### ACTION ITEM:
All of the data below needs to be set down once more, exactly as written.

MATERIAL TO PROCESS Start Marker

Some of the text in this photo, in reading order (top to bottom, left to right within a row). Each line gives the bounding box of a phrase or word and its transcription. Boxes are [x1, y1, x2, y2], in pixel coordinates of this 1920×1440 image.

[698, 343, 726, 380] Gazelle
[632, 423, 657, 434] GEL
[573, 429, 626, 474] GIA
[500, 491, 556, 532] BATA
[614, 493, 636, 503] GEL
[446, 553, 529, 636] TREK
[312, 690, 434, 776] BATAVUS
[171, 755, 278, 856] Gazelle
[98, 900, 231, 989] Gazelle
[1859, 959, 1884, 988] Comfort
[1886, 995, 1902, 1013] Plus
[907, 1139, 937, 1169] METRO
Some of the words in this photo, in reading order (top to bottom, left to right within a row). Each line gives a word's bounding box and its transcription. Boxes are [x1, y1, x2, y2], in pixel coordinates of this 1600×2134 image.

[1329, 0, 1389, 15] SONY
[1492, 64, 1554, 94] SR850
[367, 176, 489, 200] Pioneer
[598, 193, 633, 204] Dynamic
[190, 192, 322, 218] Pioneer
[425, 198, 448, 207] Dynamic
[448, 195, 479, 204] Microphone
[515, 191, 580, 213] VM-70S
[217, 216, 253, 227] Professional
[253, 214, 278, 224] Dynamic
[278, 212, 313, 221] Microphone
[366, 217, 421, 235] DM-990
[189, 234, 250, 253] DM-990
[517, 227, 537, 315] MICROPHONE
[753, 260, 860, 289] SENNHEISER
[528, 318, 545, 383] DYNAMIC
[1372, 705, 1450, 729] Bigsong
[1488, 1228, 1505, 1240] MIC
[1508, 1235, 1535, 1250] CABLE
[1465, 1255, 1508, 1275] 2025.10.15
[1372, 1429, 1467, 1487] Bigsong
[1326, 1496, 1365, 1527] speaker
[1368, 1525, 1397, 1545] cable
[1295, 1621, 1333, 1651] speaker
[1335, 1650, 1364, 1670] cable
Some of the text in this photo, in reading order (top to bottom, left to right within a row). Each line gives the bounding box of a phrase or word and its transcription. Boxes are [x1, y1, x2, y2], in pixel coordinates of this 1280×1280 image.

MATERIAL TO PROCESS End Marker

### EXERCISE OUTPUT:
Some of the text in this photo, in reading order (top to bottom, left to right within a row). Each line gives the bounding box of a phrase or word and its transcription. Boxes are [x1, y1, x2, y2], in pixel coordinates of this 1920×1440 image.

[698, 343, 726, 380] Gazelle
[632, 423, 657, 434] GEL
[573, 429, 626, 474] GIA
[500, 491, 556, 532] BATA
[614, 493, 636, 503] GEL
[446, 553, 529, 636] TREK
[312, 690, 434, 776] BATAVUS
[171, 755, 278, 856] Gazelle
[98, 900, 231, 989] Gazelle
[1859, 959, 1884, 988] Comfort
[1886, 995, 1902, 1013] Plus
[907, 1139, 937, 1169] METRO
Some of the words in this photo, in reading order (top to bottom, left to right within a row). Each line gives a word's bounding box and its transcription. Boxes are [x1, y1, x2, y2], in pixel coordinates of this 1600×2134 image.

[1329, 0, 1389, 15] SONY
[1492, 64, 1554, 94] SR850
[367, 176, 489, 200] Pioneer
[598, 193, 633, 204] Dynamic
[190, 192, 322, 218] Pioneer
[425, 198, 448, 207] Dynamic
[448, 195, 479, 204] Microphone
[515, 191, 580, 213] VM-70S
[217, 216, 253, 227] Professional
[253, 214, 278, 224] Dynamic
[278, 212, 313, 221] Microphone
[366, 217, 421, 235] DM-990
[189, 234, 250, 253] DM-990
[517, 227, 537, 315] MICROPHONE
[753, 260, 860, 289] SENNHEISER
[528, 318, 545, 383] DYNAMIC
[1372, 705, 1450, 729] Bigsong
[1488, 1228, 1505, 1240] MIC
[1508, 1235, 1535, 1250] CABLE
[1465, 1255, 1508, 1275] 2025.10.15
[1372, 1429, 1467, 1487] Bigsong
[1326, 1496, 1365, 1527] speaker
[1368, 1525, 1397, 1545] cable
[1295, 1621, 1333, 1651] speaker
[1335, 1650, 1364, 1670] cable
Some of the text in this photo, in reading order (top to bottom, left to right within a row). Each line gives the bounding box of a phrase or word and its transcription. Boxes are [x1, y1, x2, y2], in pixel coordinates of this 1280×1280 image.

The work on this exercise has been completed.